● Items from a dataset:
━━━━
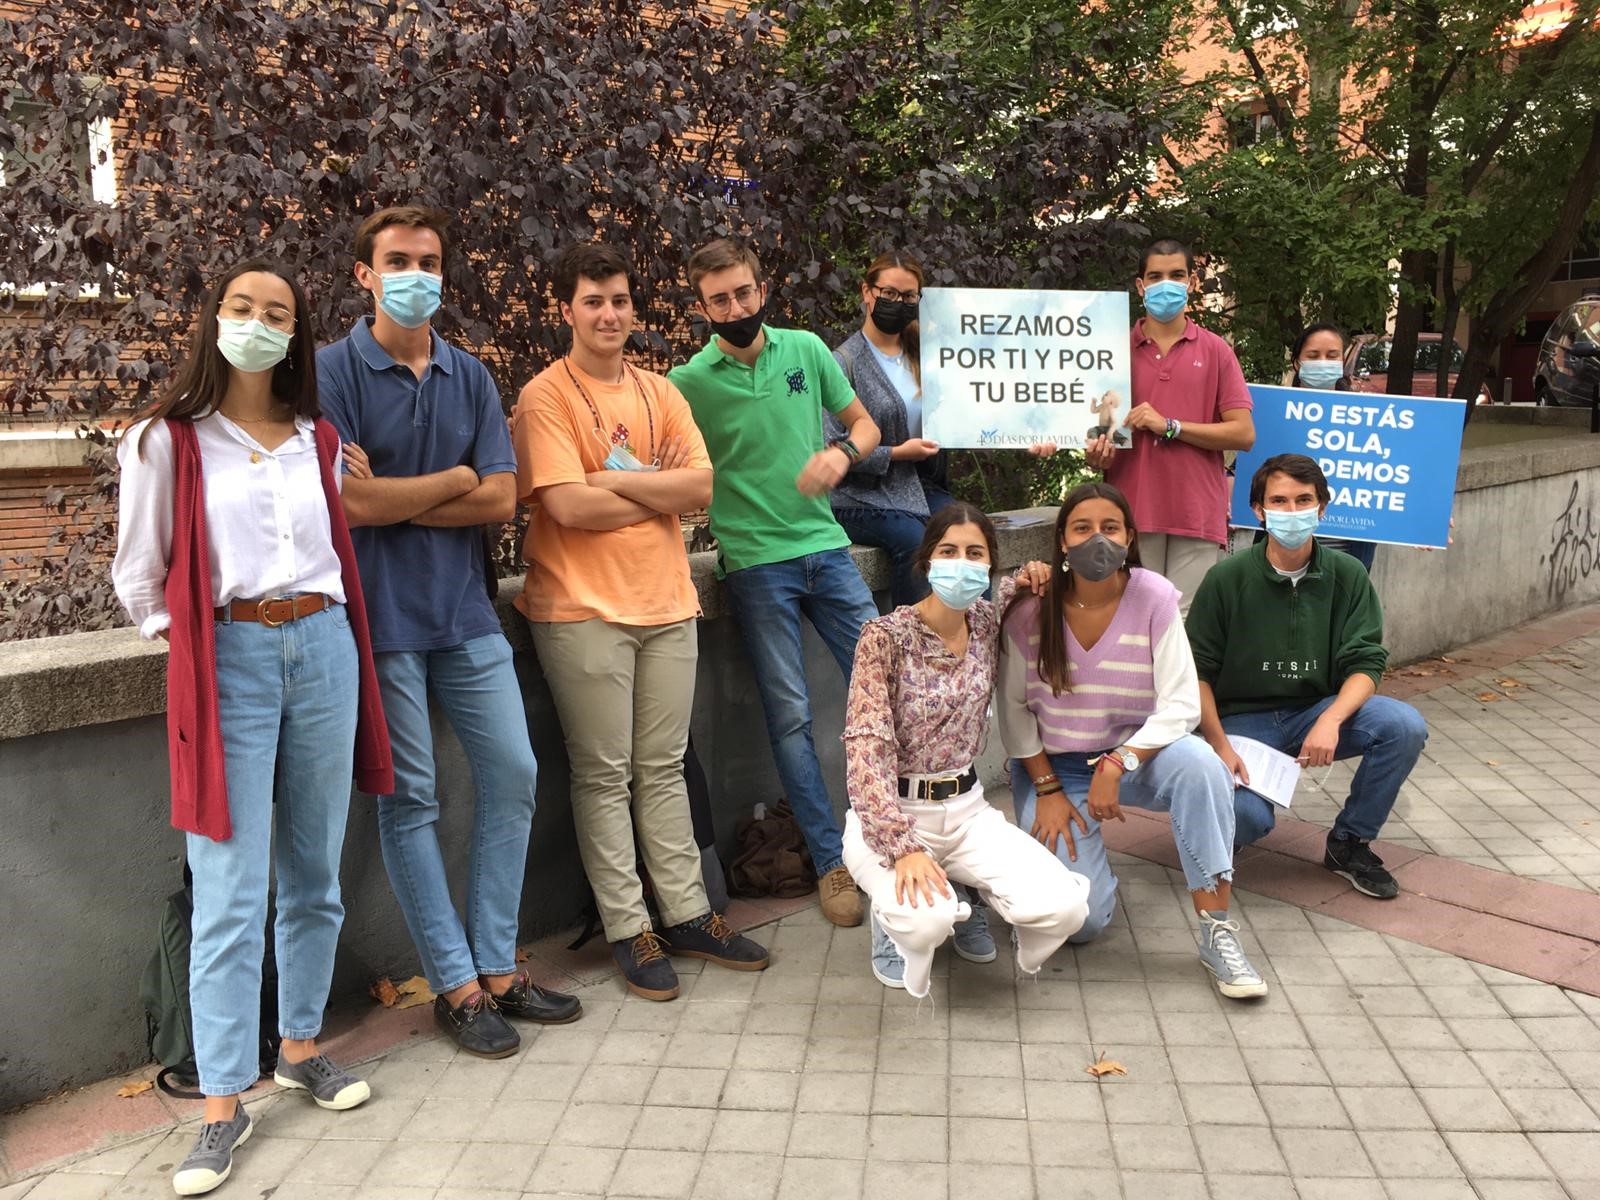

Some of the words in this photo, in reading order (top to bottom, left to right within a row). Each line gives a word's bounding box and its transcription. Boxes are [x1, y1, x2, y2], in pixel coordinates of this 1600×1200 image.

[960, 313, 1092, 337] REZAMOS
[939, 347, 996, 369] POR
[1003, 348, 1027, 370] TI
[1034, 348, 1051, 370] Y
[1059, 349, 1114, 371] POR
[969, 381, 1005, 403] TU
[1014, 377, 1085, 404] BEBÉ
[1285, 400, 1324, 422] NO
[1330, 403, 1416, 430] ESTÁS
[1305, 428, 1391, 459] SOLA,
[1318, 457, 1411, 485] DEMOS
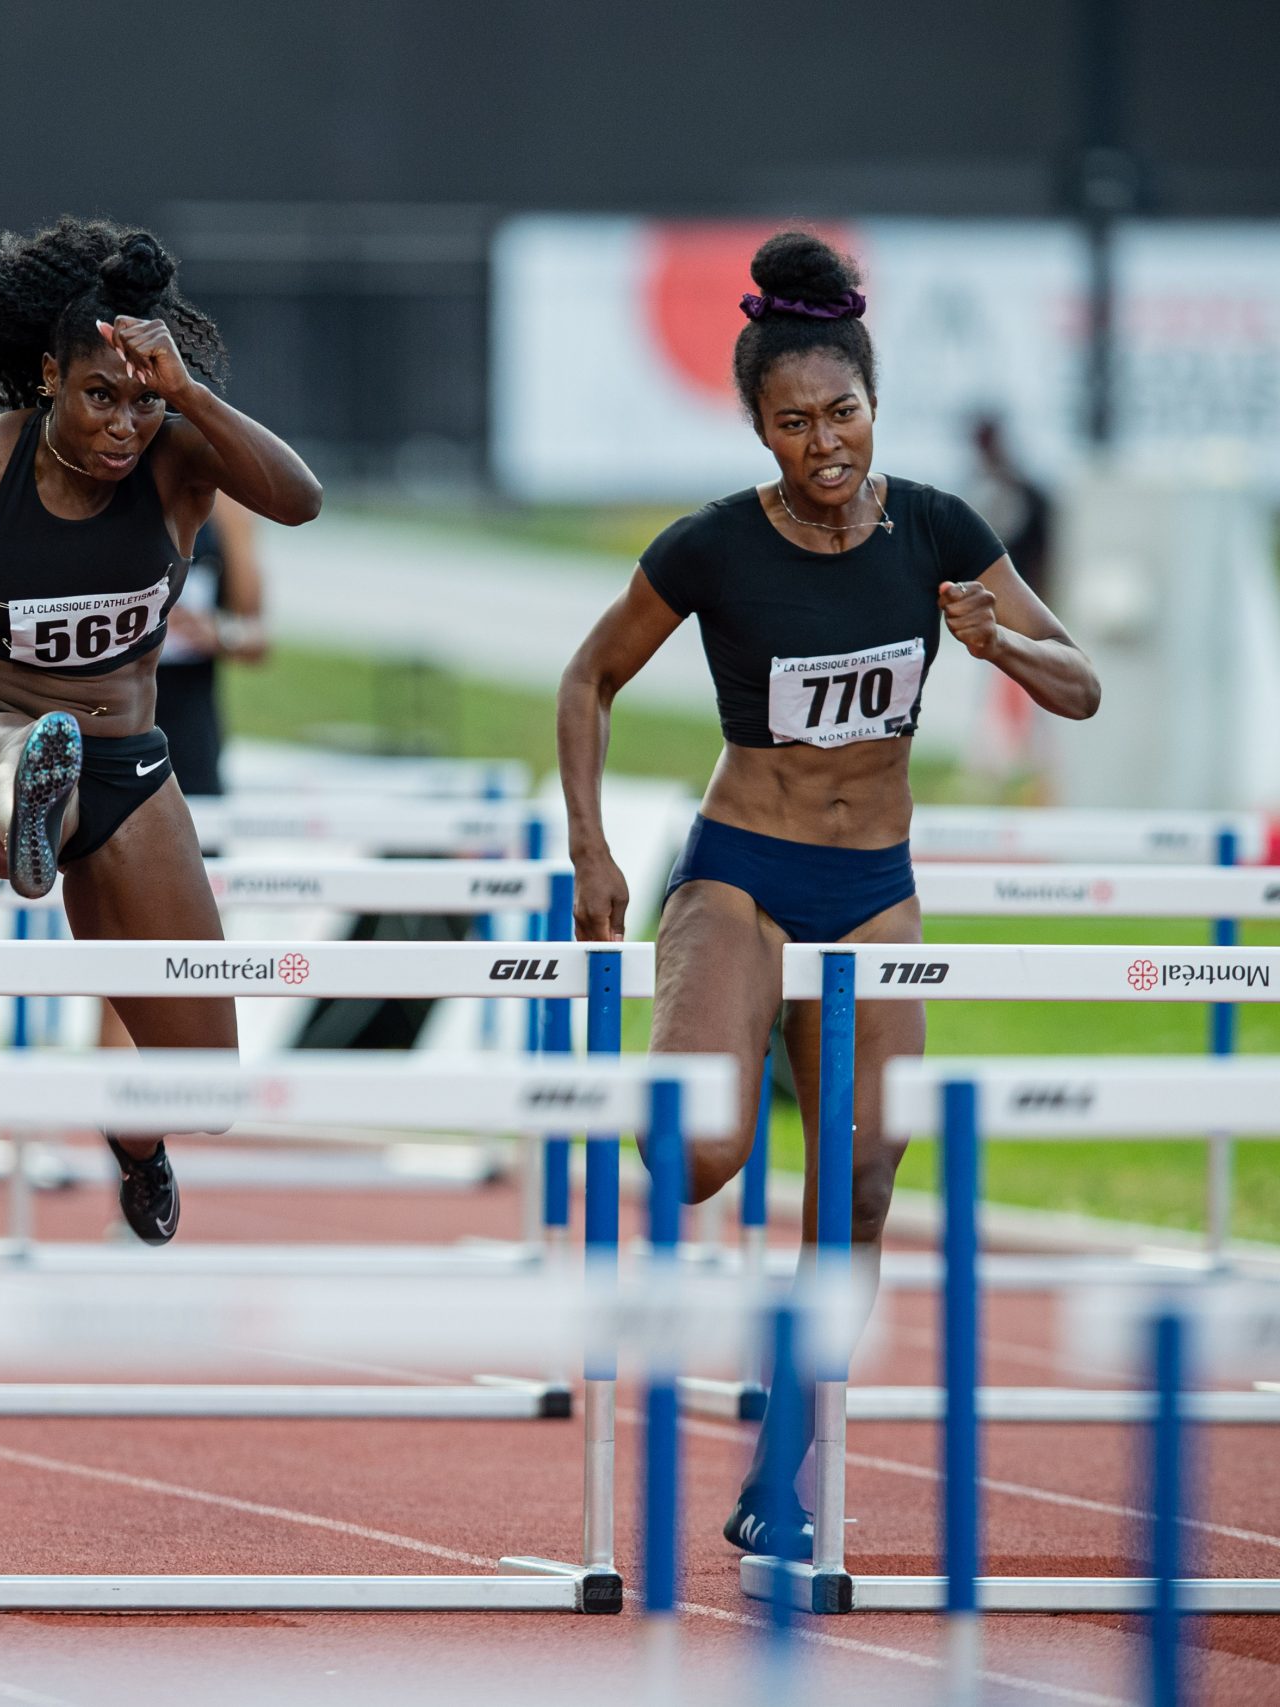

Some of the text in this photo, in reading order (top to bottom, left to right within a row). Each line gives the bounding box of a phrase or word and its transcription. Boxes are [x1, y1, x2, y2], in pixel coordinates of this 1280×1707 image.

[23, 587, 160, 615] LA CLASSIQUE D'ATHLÉTISME
[34, 604, 149, 663] 569
[783, 647, 913, 673] LA CLASSIQUE D'ATHLÉTISME
[802, 667, 893, 729] 770
[819, 726, 877, 743] MONTRÉAL
[166, 957, 274, 981] Montréal
[489, 959, 559, 981] GILL
[880, 962, 950, 984] GILL
[1162, 962, 1270, 987] Montréal
━━━━
● Work to be completed: A verbatim copy of every entry is wanted; the pictures stay out of it.

● Task answer:
Some of the words in this photo, in reading order (top to bottom, left to right within a row). Each line gives a word's bounding box and its transcription. Boxes are [x1, y1, x2, y2], in pixel coordinates of this 1600×1200 image.

[960, 313, 1092, 337] REZAMOS
[939, 347, 996, 369] POR
[1003, 348, 1027, 370] TI
[1034, 348, 1051, 370] Y
[1059, 349, 1114, 371] POR
[969, 381, 1005, 403] TU
[1014, 377, 1085, 404] BEBÉ
[1285, 400, 1324, 422] NO
[1330, 403, 1416, 430] ESTÁS
[1305, 428, 1391, 459] SOLA,
[1318, 457, 1411, 485] DEMOS

Some of the text in this photo, in reading order (top to bottom, left to right within a row). Each line gives the bounding box of a phrase or word and its transcription. Boxes are [x1, y1, x2, y2], in pixel coordinates of this 1280×1707 image.

[23, 587, 160, 615] LA CLASSIQUE D'ATHLÉTISME
[34, 604, 149, 663] 569
[783, 647, 913, 673] LA CLASSIQUE D'ATHLÉTISME
[802, 667, 893, 729] 770
[819, 726, 877, 743] MONTRÉAL
[166, 957, 274, 981] Montréal
[489, 959, 559, 981] GILL
[880, 962, 950, 984] GILL
[1162, 962, 1270, 987] Montréal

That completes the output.